## Source material

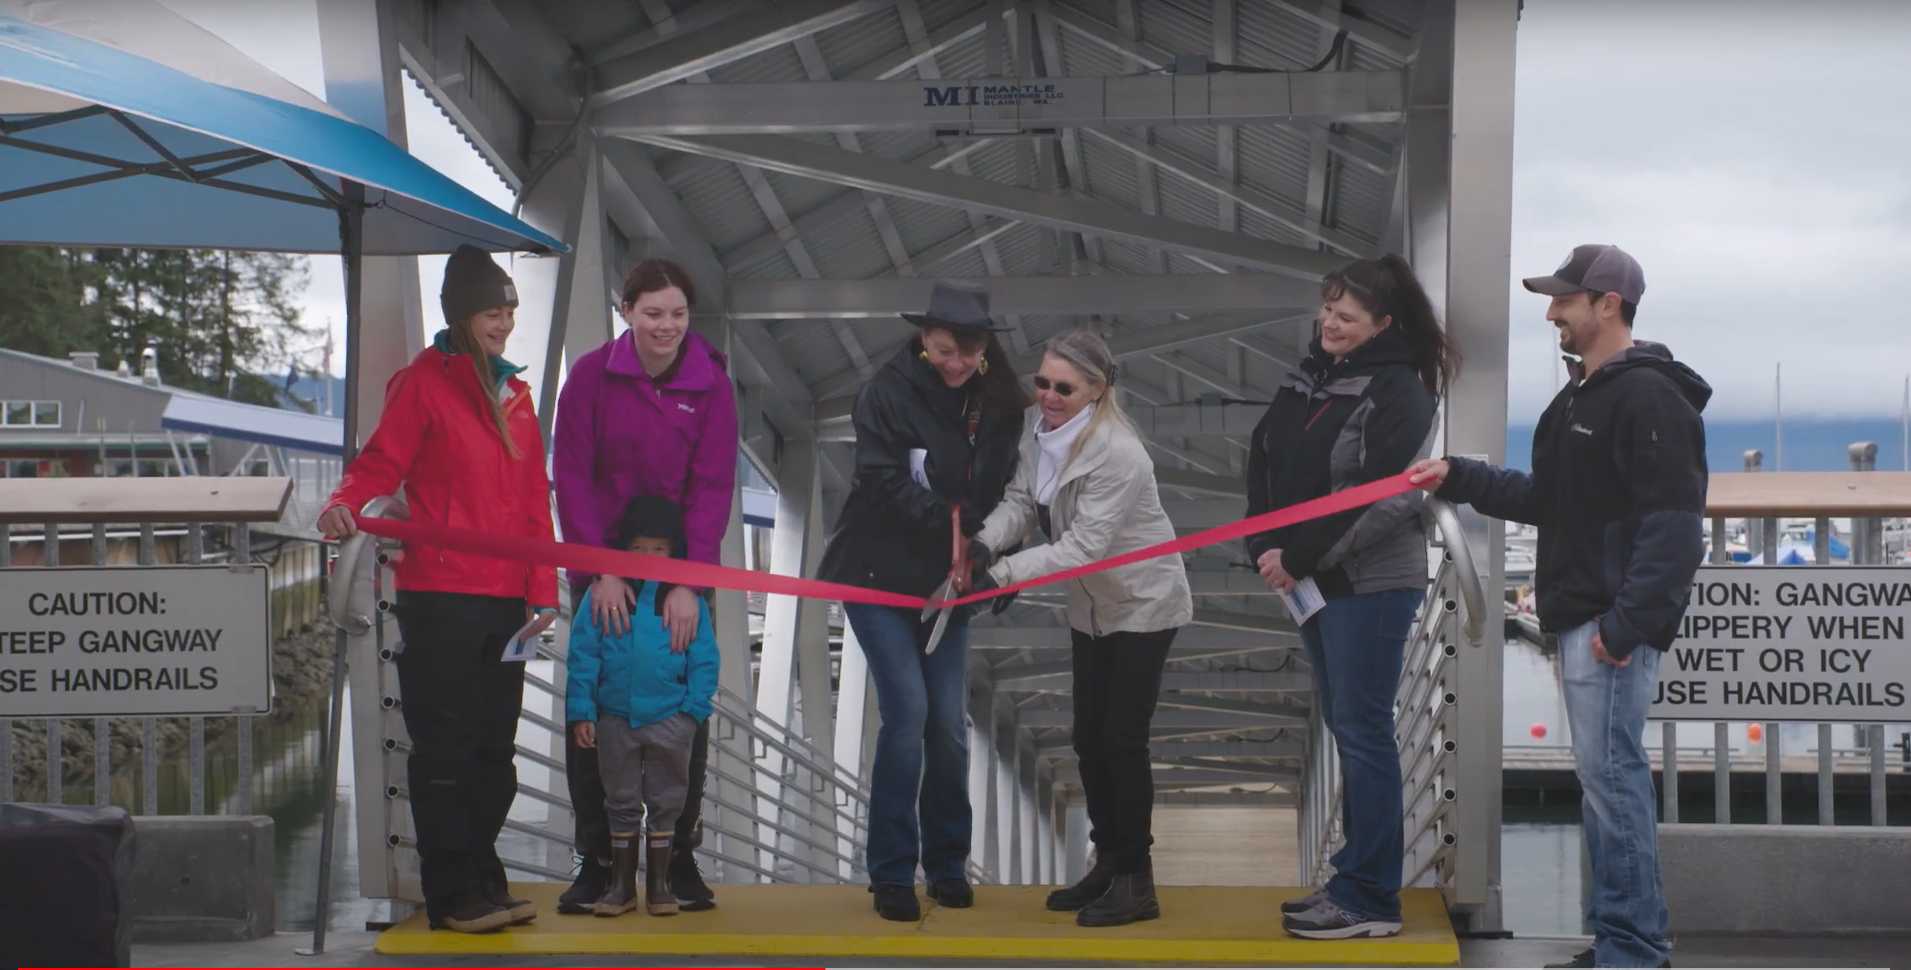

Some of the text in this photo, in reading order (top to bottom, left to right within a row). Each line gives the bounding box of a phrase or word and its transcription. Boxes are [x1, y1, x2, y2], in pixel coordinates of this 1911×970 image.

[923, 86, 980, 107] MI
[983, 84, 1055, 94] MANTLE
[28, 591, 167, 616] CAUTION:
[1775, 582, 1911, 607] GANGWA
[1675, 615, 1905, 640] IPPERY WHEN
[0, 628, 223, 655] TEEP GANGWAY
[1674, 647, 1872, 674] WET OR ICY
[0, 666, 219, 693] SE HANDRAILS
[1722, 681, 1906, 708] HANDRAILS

## Task to complete
Every record above needs to be repeated exactly; pictures are to be left out.

## Answer below
Some of the text in this photo, in reading order (top to bottom, left to right within a row). Each line gives the bounding box of a phrase or word and its transcription. Boxes are [x1, y1, x2, y2], in pixel coordinates of this 1911×970 image.

[923, 86, 980, 107] MI
[983, 84, 1055, 94] MANTLE
[28, 591, 167, 616] CAUTION:
[1775, 582, 1911, 607] GANGWA
[1675, 615, 1905, 640] IPPERY WHEN
[0, 628, 223, 655] TEEP GANGWAY
[1674, 647, 1872, 674] WET OR ICY
[0, 666, 219, 693] SE HANDRAILS
[1722, 681, 1906, 708] HANDRAILS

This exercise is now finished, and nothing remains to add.